__Task instructions__: Each record must come back unchanged in your answer, stripped of its images.

__Records for the exercise__:
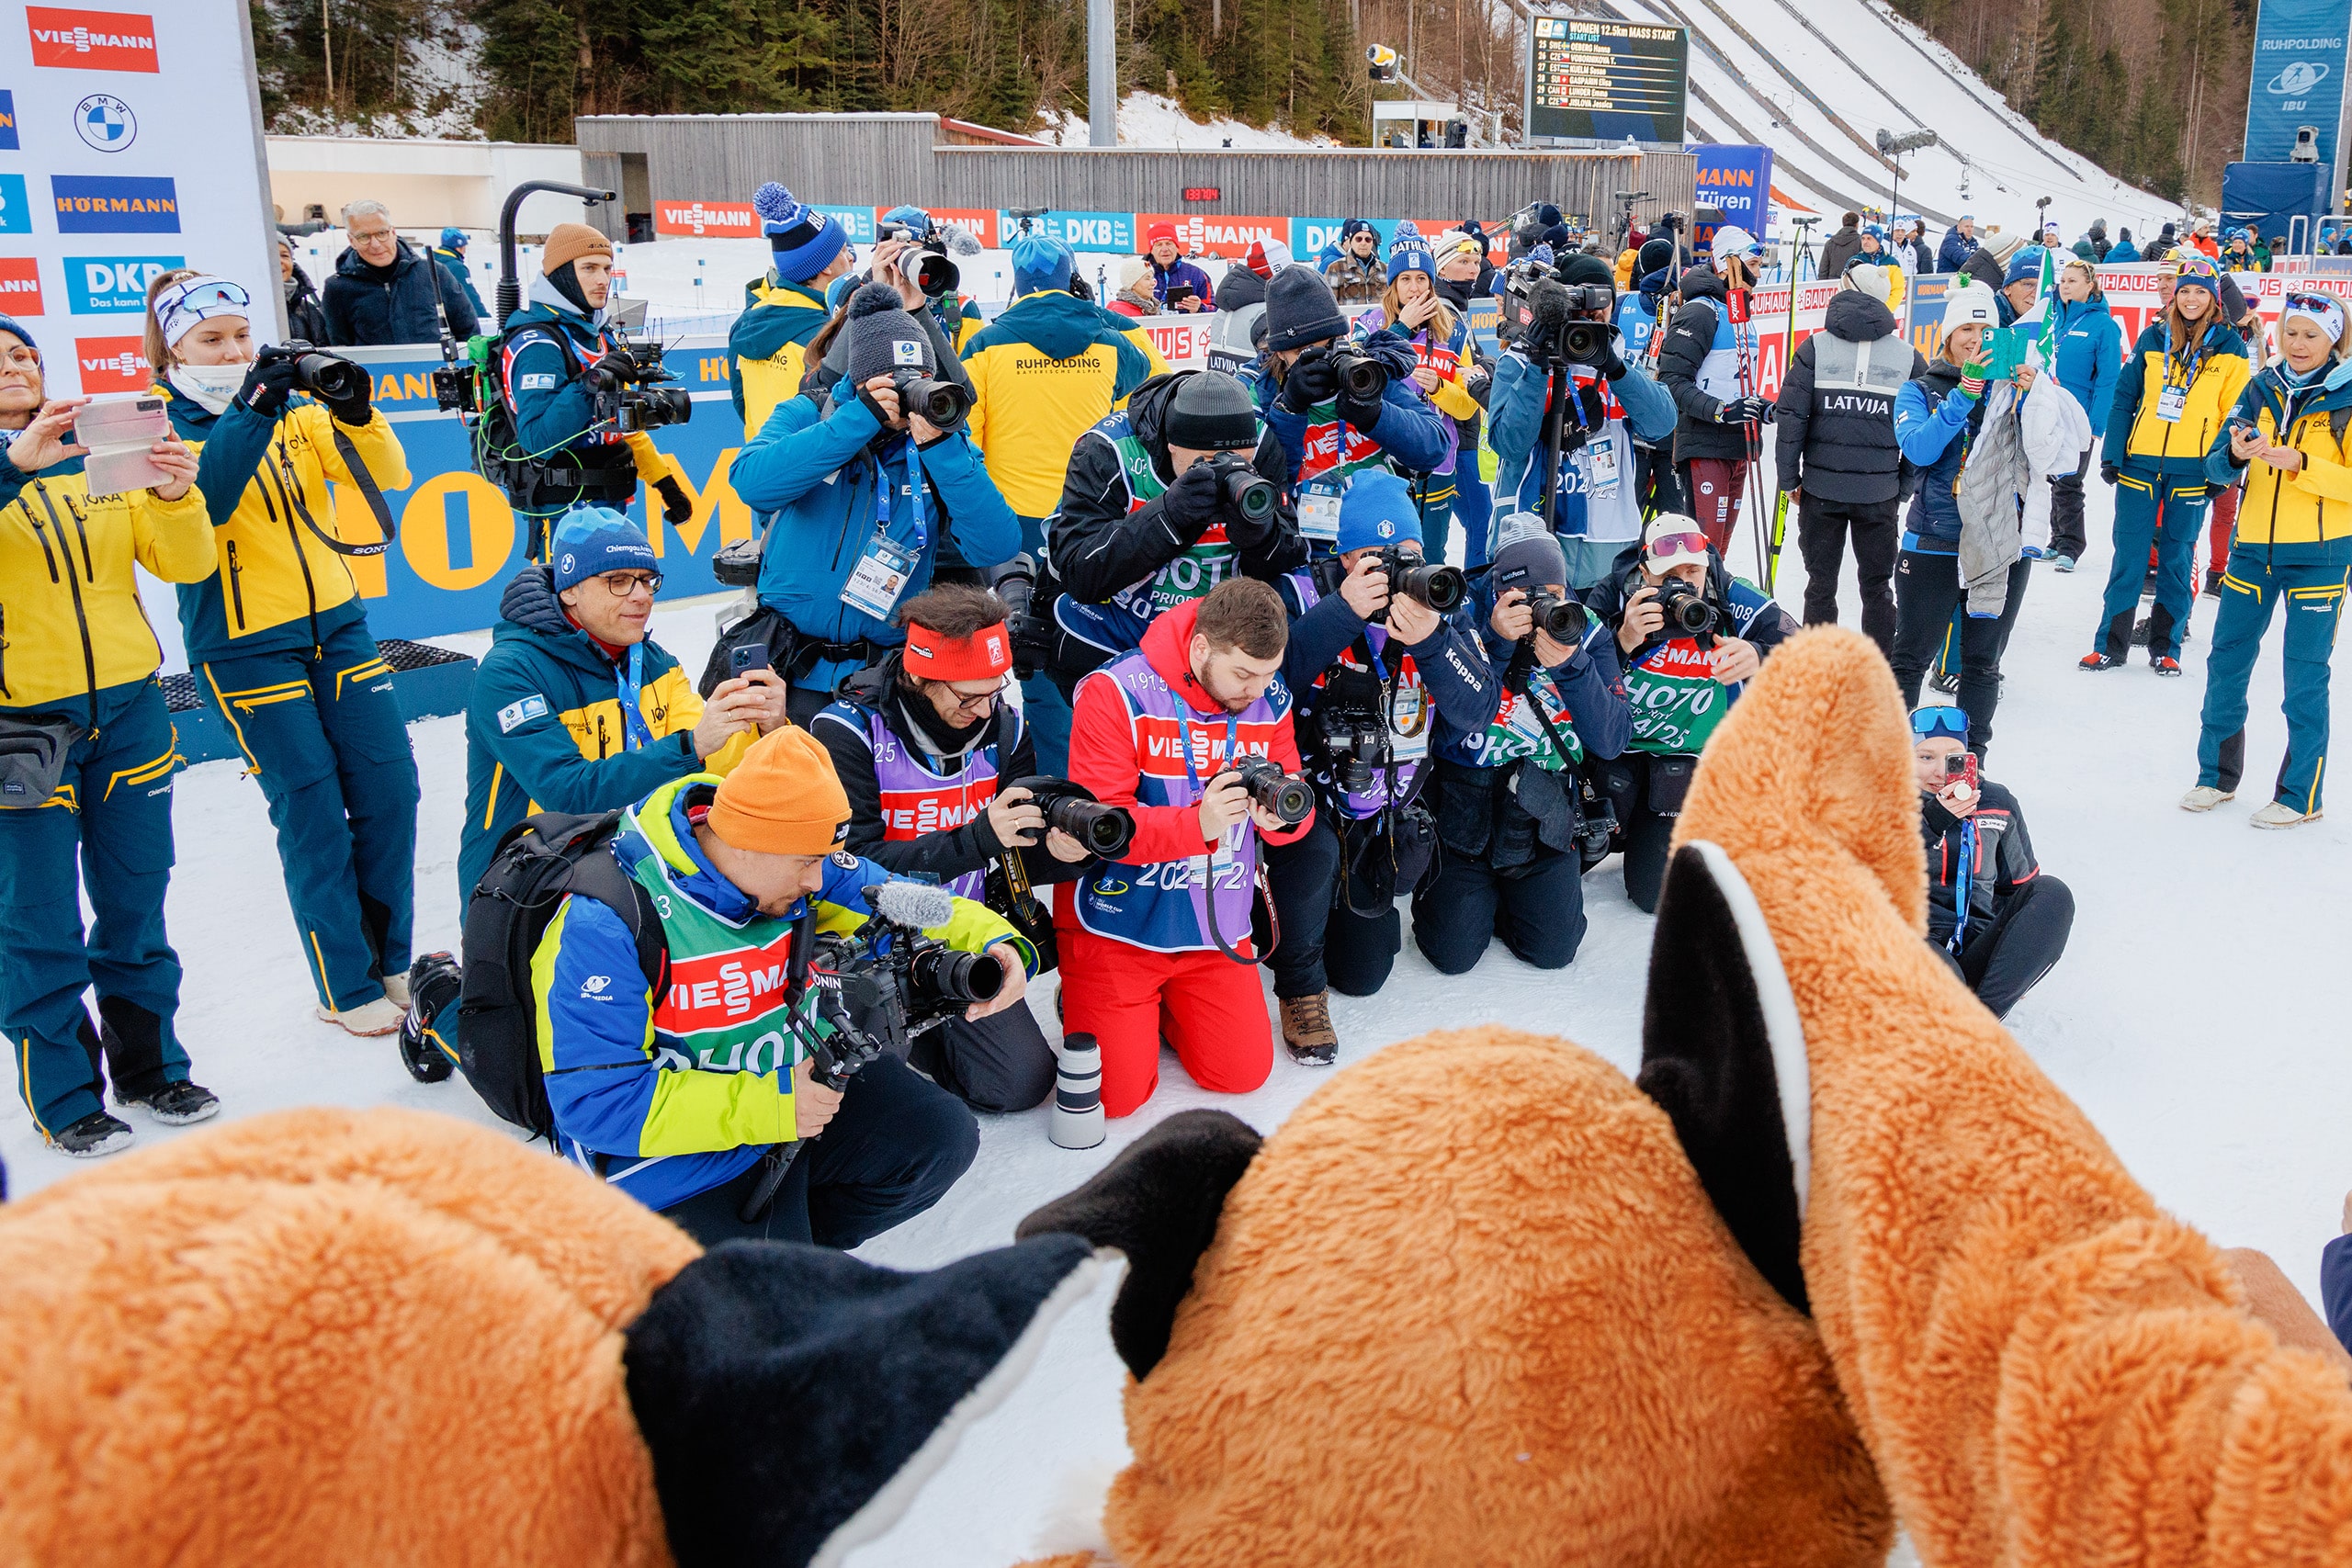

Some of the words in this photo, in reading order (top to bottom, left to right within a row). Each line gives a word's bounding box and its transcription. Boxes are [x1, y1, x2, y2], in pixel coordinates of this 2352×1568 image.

[33, 27, 153, 53] VIESSMANN
[1569, 22, 1600, 34] WOMEN
[1600, 25, 1628, 38] 12.5km
[1628, 27, 1651, 39] MASS
[1651, 29, 1677, 41] START
[1588, 34, 1600, 42] LIST
[2262, 38, 2342, 51] RUHPOLDING
[82, 96, 127, 114] BMW
[2281, 100, 2307, 111] IBU
[56, 196, 176, 213] HÖRMANN
[664, 203, 751, 234] VIESSMANN
[1002, 217, 1046, 243] DB
[1067, 219, 1112, 245] DKB
[90, 297, 111, 308] Das
[114, 296, 141, 308] kann
[82, 352, 151, 377] VIESSM
[1016, 357, 1101, 369] RUHPOLDING
[1825, 396, 1889, 415] LATVIJA
[1214, 436, 1259, 447] ziene
[353, 542, 390, 556] SONY
[1444, 647, 1483, 693] Kappa
[1148, 729, 1270, 771] VIESSMAN
[1095, 900, 1114, 911] WORLD
[915, 940, 929, 948] SONY
[669, 961, 788, 1016] IESSM
[811, 973, 842, 990] ONIN

__Reply to the exercise__:
Some of the words in this photo, in reading order (top to bottom, left to right within a row). Each line gives a word's bounding box and its transcription. Boxes are [x1, y1, x2, y2], in pixel coordinates of this 2352×1568 image.

[33, 27, 153, 53] VIESSMANN
[1569, 22, 1600, 34] WOMEN
[1600, 25, 1628, 38] 12.5km
[1628, 27, 1651, 39] MASS
[1651, 29, 1677, 41] START
[1588, 34, 1600, 42] LIST
[2262, 38, 2342, 51] RUHPOLDING
[82, 96, 127, 114] BMW
[2281, 100, 2307, 111] IBU
[56, 196, 176, 213] HÖRMANN
[664, 203, 751, 234] VIESSMANN
[1002, 217, 1046, 243] DB
[1067, 219, 1112, 245] DKB
[90, 297, 111, 308] Das
[114, 296, 141, 308] kann
[82, 352, 151, 377] VIESSM
[1016, 357, 1101, 369] RUHPOLDING
[1825, 396, 1889, 415] LATVIJA
[1214, 436, 1259, 447] ziene
[353, 542, 390, 556] SONY
[1444, 647, 1483, 693] Kappa
[1148, 729, 1270, 771] VIESSMAN
[1095, 900, 1114, 911] WORLD
[915, 940, 929, 948] SONY
[669, 961, 788, 1016] IESSM
[811, 973, 842, 990] ONIN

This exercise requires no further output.